Thursday, December 09, 2004

GIBBERISH. There is a much-remarked article in the Times this week lamenting the poor quality of writing among corporate employees. It's fine as far as it goes, but I have two cavils.

First, the article focuses on grammar and punctuation errors, which are mere symptoms of sloppy thinking, and not even determinative symptoms -- a piece of writing may be syntactically perfect, yet incoherent.

Second, it should be pointed out that corporate drones are not the only types with this problem.

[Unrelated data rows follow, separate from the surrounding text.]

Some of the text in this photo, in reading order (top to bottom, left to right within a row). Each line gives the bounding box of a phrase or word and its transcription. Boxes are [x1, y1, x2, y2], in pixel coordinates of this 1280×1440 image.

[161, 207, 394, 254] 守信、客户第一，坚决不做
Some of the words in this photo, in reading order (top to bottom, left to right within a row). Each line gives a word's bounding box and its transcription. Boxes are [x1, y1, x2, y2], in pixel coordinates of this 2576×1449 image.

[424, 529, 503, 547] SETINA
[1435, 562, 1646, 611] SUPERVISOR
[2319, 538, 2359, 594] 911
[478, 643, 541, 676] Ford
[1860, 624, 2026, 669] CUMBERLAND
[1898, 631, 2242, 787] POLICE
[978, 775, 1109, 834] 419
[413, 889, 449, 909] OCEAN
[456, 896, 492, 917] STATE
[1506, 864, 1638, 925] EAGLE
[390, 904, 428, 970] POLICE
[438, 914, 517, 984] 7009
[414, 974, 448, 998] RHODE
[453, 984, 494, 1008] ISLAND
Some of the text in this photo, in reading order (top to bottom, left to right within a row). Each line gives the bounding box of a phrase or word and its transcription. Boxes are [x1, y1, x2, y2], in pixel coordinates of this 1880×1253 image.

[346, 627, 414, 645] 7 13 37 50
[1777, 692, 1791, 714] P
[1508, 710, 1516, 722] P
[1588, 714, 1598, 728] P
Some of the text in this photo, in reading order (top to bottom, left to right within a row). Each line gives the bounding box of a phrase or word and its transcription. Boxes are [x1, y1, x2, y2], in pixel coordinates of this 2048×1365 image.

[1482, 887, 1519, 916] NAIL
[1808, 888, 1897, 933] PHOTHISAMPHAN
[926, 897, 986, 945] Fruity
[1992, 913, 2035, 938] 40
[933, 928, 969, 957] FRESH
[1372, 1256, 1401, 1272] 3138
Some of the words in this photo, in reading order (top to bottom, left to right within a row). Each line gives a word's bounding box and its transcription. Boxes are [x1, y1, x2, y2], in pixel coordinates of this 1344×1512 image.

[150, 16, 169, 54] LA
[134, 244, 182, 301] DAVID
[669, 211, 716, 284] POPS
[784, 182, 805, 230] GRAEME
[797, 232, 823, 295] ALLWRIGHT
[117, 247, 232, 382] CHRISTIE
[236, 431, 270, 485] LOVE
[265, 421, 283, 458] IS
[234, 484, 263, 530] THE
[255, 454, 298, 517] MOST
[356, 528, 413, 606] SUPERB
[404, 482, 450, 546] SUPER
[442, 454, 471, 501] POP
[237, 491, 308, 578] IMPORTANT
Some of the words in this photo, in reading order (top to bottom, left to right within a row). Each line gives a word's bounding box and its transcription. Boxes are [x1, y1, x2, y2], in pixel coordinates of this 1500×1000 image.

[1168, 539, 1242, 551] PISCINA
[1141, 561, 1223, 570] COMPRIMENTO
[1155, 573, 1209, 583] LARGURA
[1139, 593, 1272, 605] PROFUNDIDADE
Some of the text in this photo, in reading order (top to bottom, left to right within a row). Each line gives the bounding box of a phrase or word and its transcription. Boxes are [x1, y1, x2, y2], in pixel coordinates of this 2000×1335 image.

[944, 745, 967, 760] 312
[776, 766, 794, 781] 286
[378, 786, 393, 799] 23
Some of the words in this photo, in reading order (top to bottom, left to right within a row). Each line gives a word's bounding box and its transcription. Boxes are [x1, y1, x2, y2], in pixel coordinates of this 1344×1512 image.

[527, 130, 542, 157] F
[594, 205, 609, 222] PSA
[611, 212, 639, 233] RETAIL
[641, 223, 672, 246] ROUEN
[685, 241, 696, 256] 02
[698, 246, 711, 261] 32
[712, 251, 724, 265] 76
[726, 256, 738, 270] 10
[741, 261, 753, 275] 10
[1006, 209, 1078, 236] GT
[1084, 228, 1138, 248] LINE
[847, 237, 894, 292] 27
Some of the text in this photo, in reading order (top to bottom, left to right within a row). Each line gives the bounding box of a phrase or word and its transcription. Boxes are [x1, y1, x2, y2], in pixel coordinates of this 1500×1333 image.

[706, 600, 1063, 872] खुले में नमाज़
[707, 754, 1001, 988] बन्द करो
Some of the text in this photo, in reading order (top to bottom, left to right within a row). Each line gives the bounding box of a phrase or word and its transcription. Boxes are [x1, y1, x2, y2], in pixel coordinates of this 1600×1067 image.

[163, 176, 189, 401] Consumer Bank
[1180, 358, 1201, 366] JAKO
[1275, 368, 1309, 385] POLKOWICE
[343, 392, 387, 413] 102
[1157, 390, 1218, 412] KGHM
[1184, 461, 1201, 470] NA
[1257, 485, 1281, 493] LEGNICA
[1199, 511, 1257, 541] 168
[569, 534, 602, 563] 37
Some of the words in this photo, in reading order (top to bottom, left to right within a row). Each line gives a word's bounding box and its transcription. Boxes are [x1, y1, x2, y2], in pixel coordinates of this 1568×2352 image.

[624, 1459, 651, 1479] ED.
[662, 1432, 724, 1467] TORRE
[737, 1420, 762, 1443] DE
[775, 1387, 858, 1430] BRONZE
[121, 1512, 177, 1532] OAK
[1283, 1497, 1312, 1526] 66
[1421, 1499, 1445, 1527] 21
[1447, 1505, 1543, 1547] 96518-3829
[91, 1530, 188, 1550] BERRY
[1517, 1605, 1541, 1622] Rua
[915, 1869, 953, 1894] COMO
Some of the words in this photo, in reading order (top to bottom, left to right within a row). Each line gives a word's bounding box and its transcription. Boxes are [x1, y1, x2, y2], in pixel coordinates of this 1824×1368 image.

To show you what I mean, here is the last paragraph of article by an American university professor, who, having endeavored to prove by use of anecdotes that the U.S. professariat is so nearly exclusively liberal as to have "a deleterious effect on the learning environment" (this last assertion bolstered by the ambiguous findings of a dicey poll), ends his meanderings thus:
What is to be done? Proponents of diversity, as measured by race, gender, sexual orientation, or what have you, long complained about the "old boys network" that dominated law school hiring. (Oddly enough, as the proponents of such diversity have achieved their own critical mass on most law school campuses, one tends to hear this complaint less often. Indeed, from what I see and hear, there seems to be something a "new boys and girls network" at work.) It's time for us conservatives and libertarians to take up that complaint. We shouldn't ask for affirmative action in favor of our fellow travelers, but we should insist that the pool of candidates not be artificially constricted by either the old or the new networks.
One can poke this from any angle and find mush. If the new boys and girls have replaced the old boys "by critical mass," and as there is nothing offered here to recommend the old boys over the new, shouldn't we just congratulate the current crop of cloth-ears on winning their power struggle? If cons & libs take up, as the professor suggests, the new kids' diversity complaint, what moral advantage over the current mob does that leave them? To whom would the professor and his confederates "insist that the pool of candidates not be artificially constricted by either the old or the new networks," and what would it accomplish, other than giving the professor something to bitch about to the like-minded readers of Tech Central Station?

Well, OK, that one sort of answers itself.